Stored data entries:

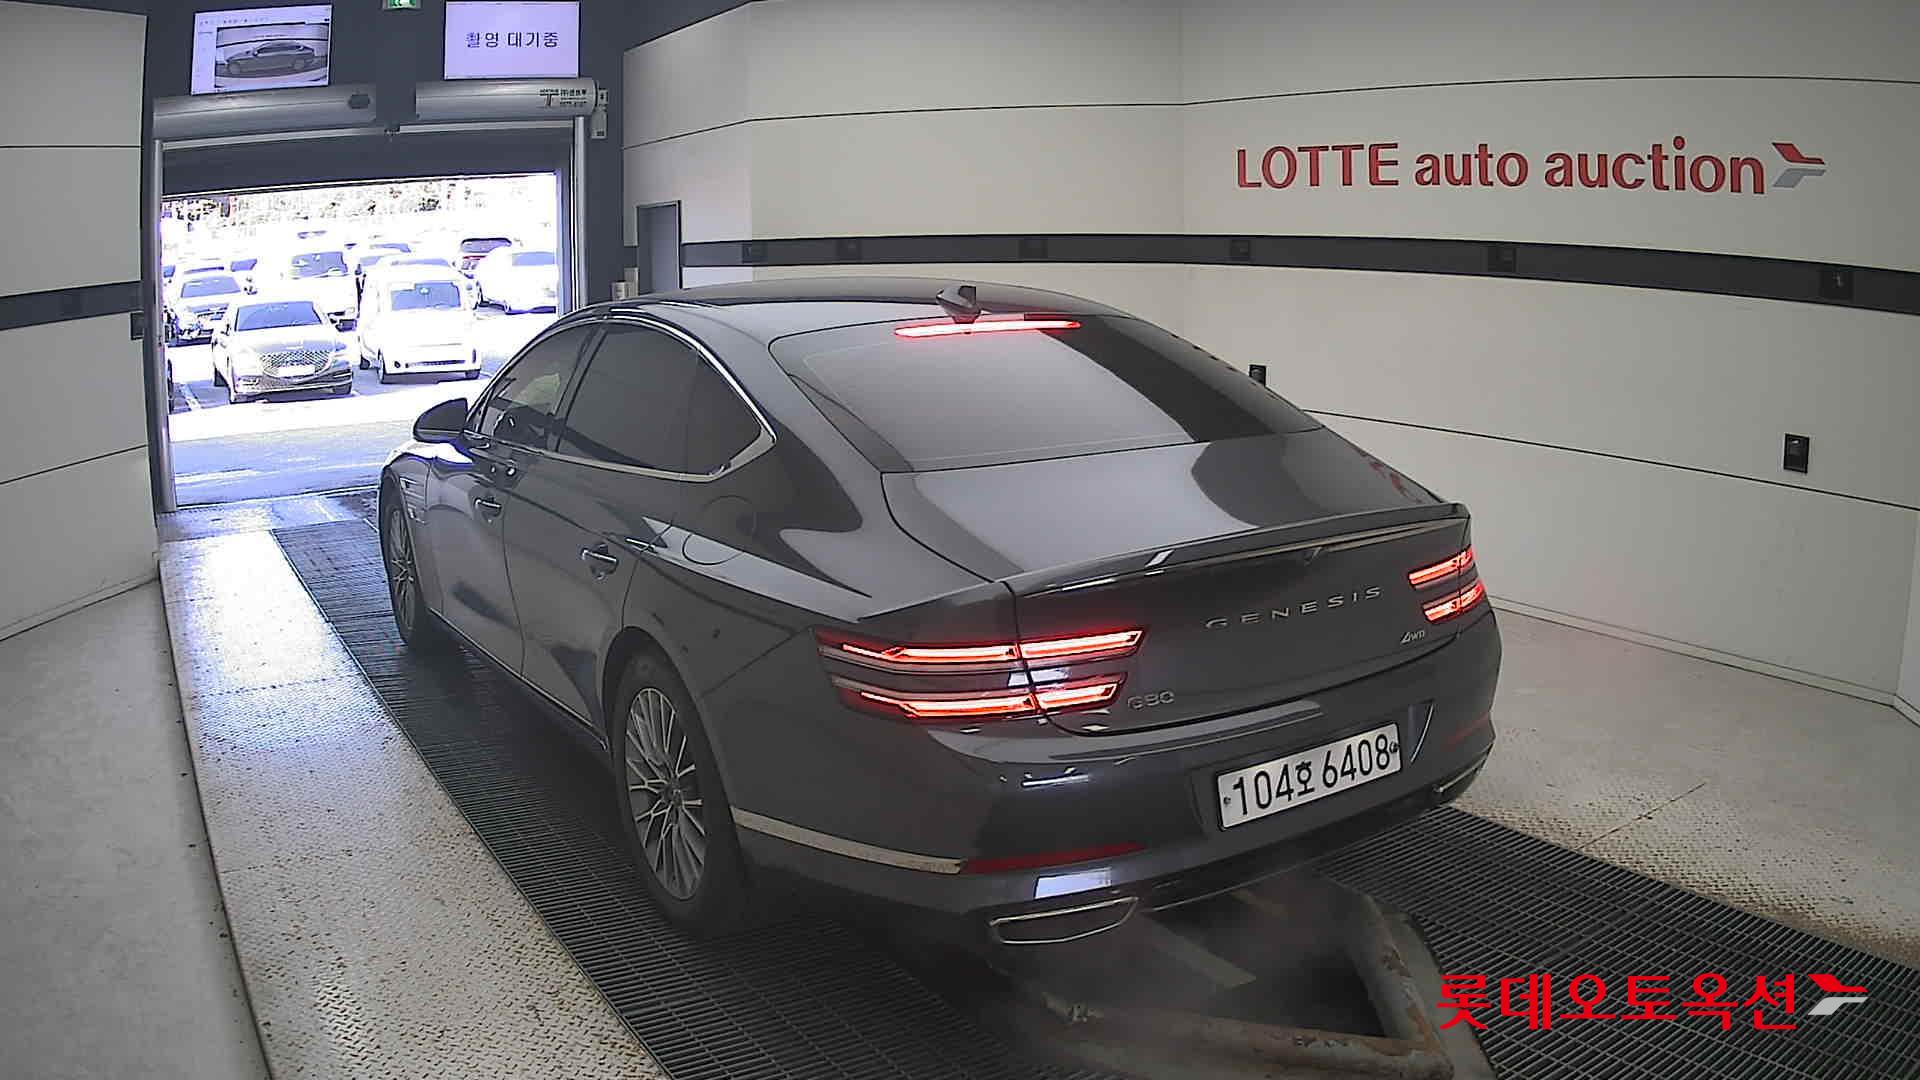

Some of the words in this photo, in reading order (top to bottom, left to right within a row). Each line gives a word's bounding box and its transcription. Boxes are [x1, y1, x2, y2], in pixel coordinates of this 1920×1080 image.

[507, 31, 559, 48] 대기중
[1237, 143, 1400, 189] LOTTE
[1414, 143, 1529, 187] auto
[1544, 136, 1765, 195] auction
[1205, 585, 1381, 629] GENESIS
[1127, 690, 1175, 710] G80
[1232, 760, 1315, 815] 104호
[1322, 733, 1390, 789] 6408
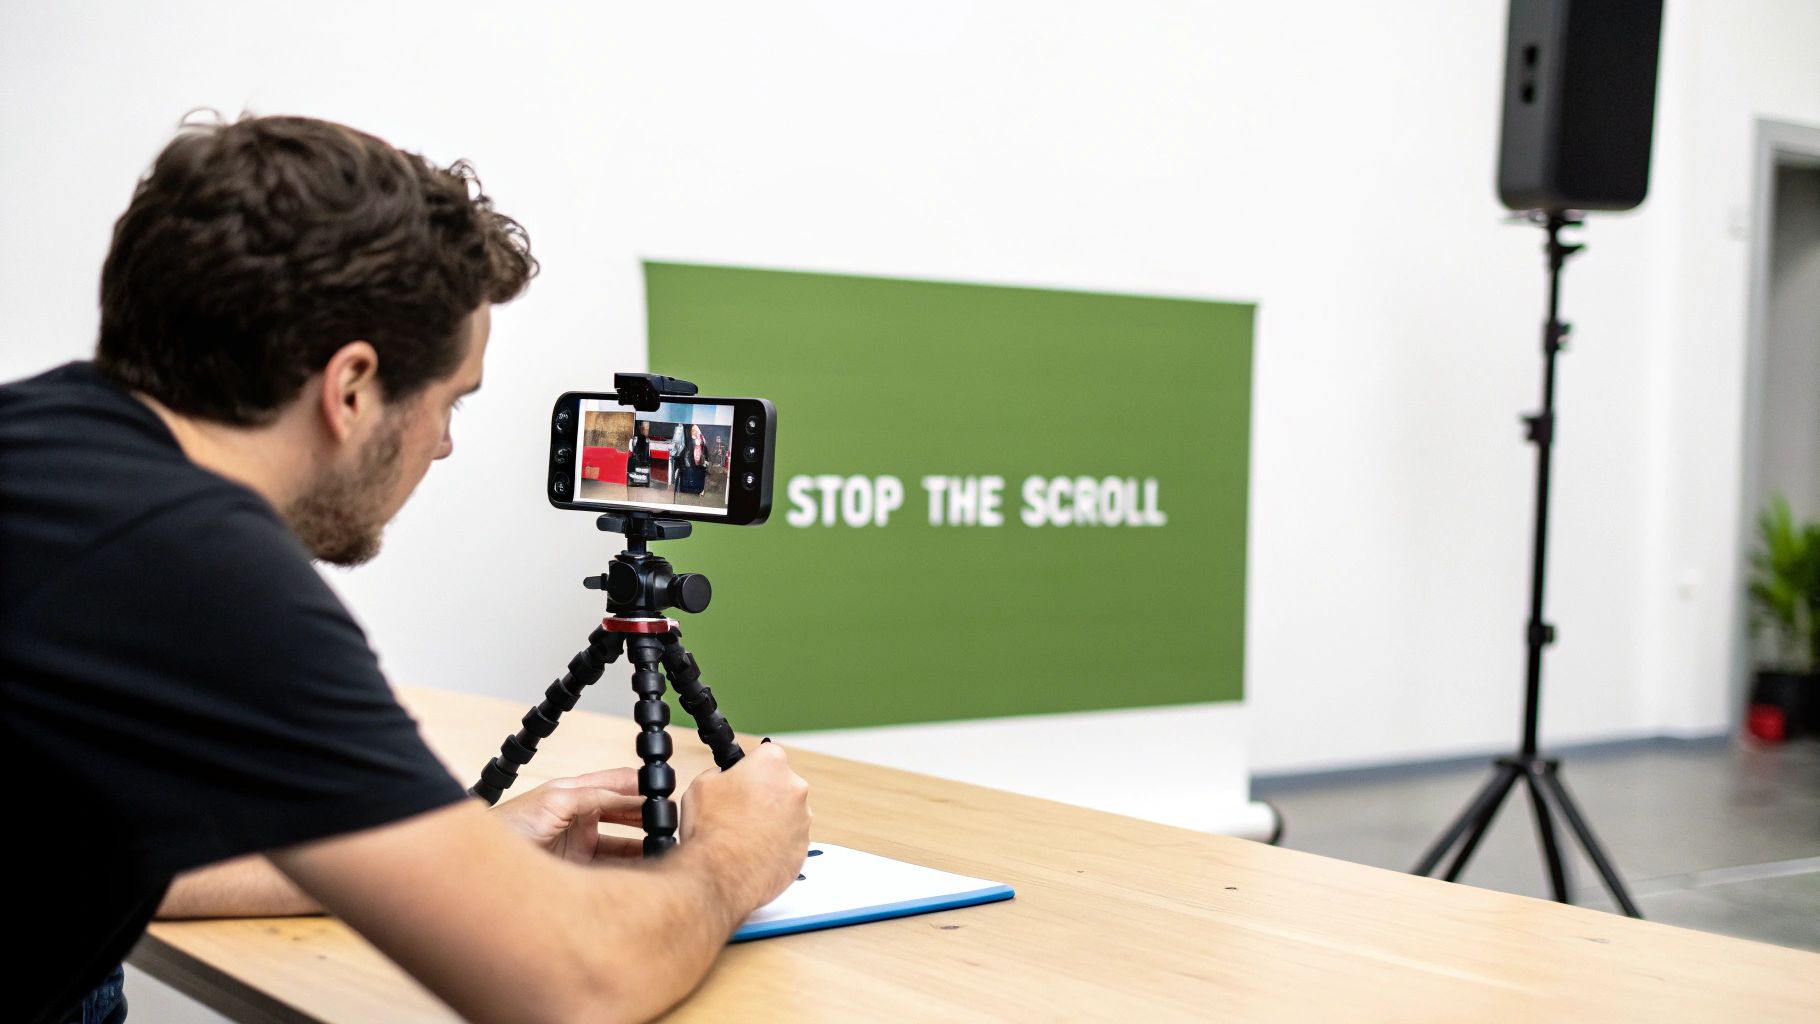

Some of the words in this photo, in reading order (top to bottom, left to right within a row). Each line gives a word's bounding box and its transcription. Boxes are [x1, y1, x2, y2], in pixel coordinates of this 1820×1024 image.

[787, 475, 904, 527] STOP
[923, 475, 1005, 527] THE
[1020, 475, 1167, 527] SCROLL

## EXERCISE GOAL:
The answer is the entries above, given again exactly, with no pictures among them.

## RESPONSE TO THIS EXERCISE:
Some of the words in this photo, in reading order (top to bottom, left to right within a row). Each line gives a word's bounding box and its transcription. Boxes are [x1, y1, x2, y2], in pixel coordinates of this 1920×1080 image.

[507, 31, 559, 48] 대기중
[1237, 143, 1400, 189] LOTTE
[1414, 143, 1529, 187] auto
[1544, 136, 1765, 195] auction
[1205, 585, 1381, 629] GENESIS
[1127, 690, 1175, 710] G80
[1232, 760, 1315, 815] 104호
[1322, 733, 1390, 789] 6408

Some of the words in this photo, in reading order (top to bottom, left to right within a row). Each line gives a word's bounding box and its transcription. Boxes are [x1, y1, x2, y2], in pixel coordinates of this 1820×1024 image.

[787, 475, 904, 527] STOP
[923, 475, 1005, 527] THE
[1020, 475, 1167, 527] SCROLL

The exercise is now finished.